■ Work instruction:
The answer is to be the data that follows, transcribed exactly, minus its pictures.

■ Records to use:

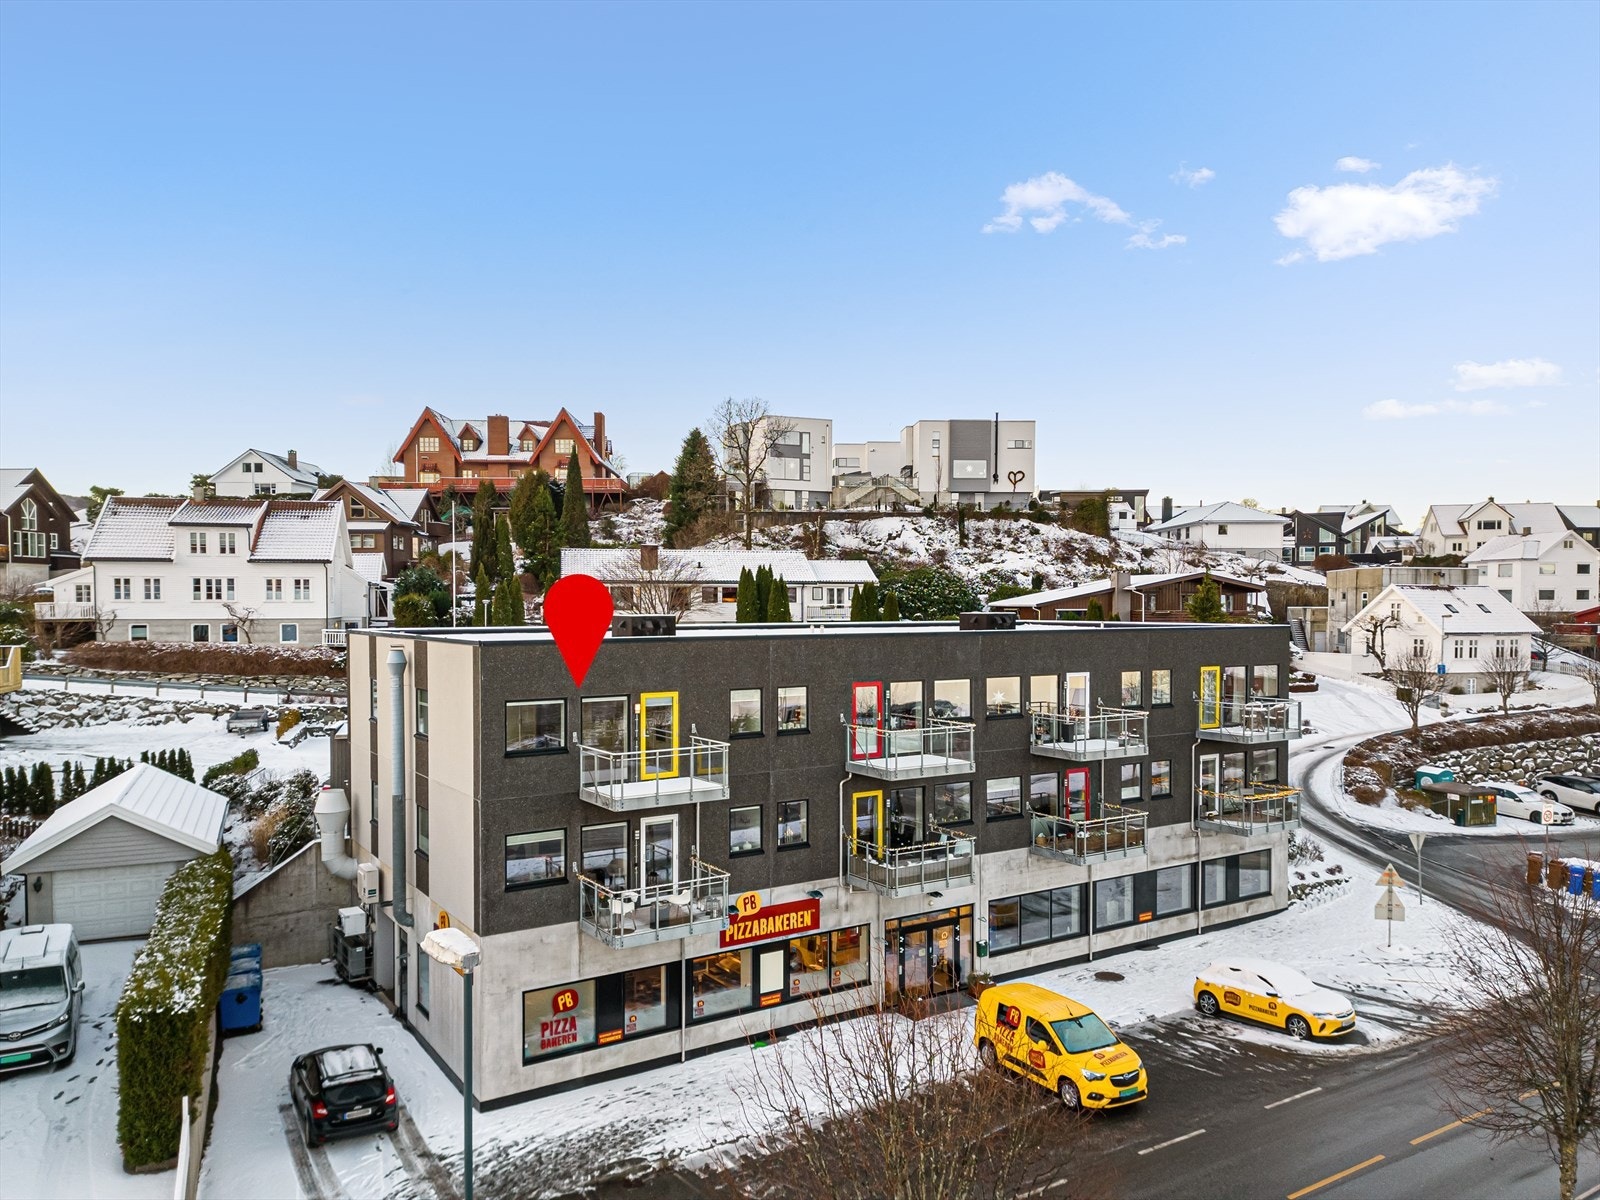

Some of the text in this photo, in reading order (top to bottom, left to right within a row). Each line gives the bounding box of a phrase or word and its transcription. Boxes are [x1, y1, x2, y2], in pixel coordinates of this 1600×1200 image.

[743, 894, 757, 912] PB
[725, 909, 812, 942] PIZZABAKEREN
[557, 992, 574, 1011] PB
[1009, 1008, 1020, 1024] PB
[541, 1016, 577, 1038] PIZZA
[541, 1032, 577, 1050] BAKEREN

■ Output of the task:
Some of the text in this photo, in reading order (top to bottom, left to right within a row). Each line gives the bounding box of a phrase or word and its transcription. Boxes are [x1, y1, x2, y2], in pixel coordinates of this 1600×1200 image.

[743, 894, 757, 912] PB
[725, 909, 812, 942] PIZZABAKEREN
[557, 992, 574, 1011] PB
[1009, 1008, 1020, 1024] PB
[541, 1016, 577, 1038] PIZZA
[541, 1032, 577, 1050] BAKEREN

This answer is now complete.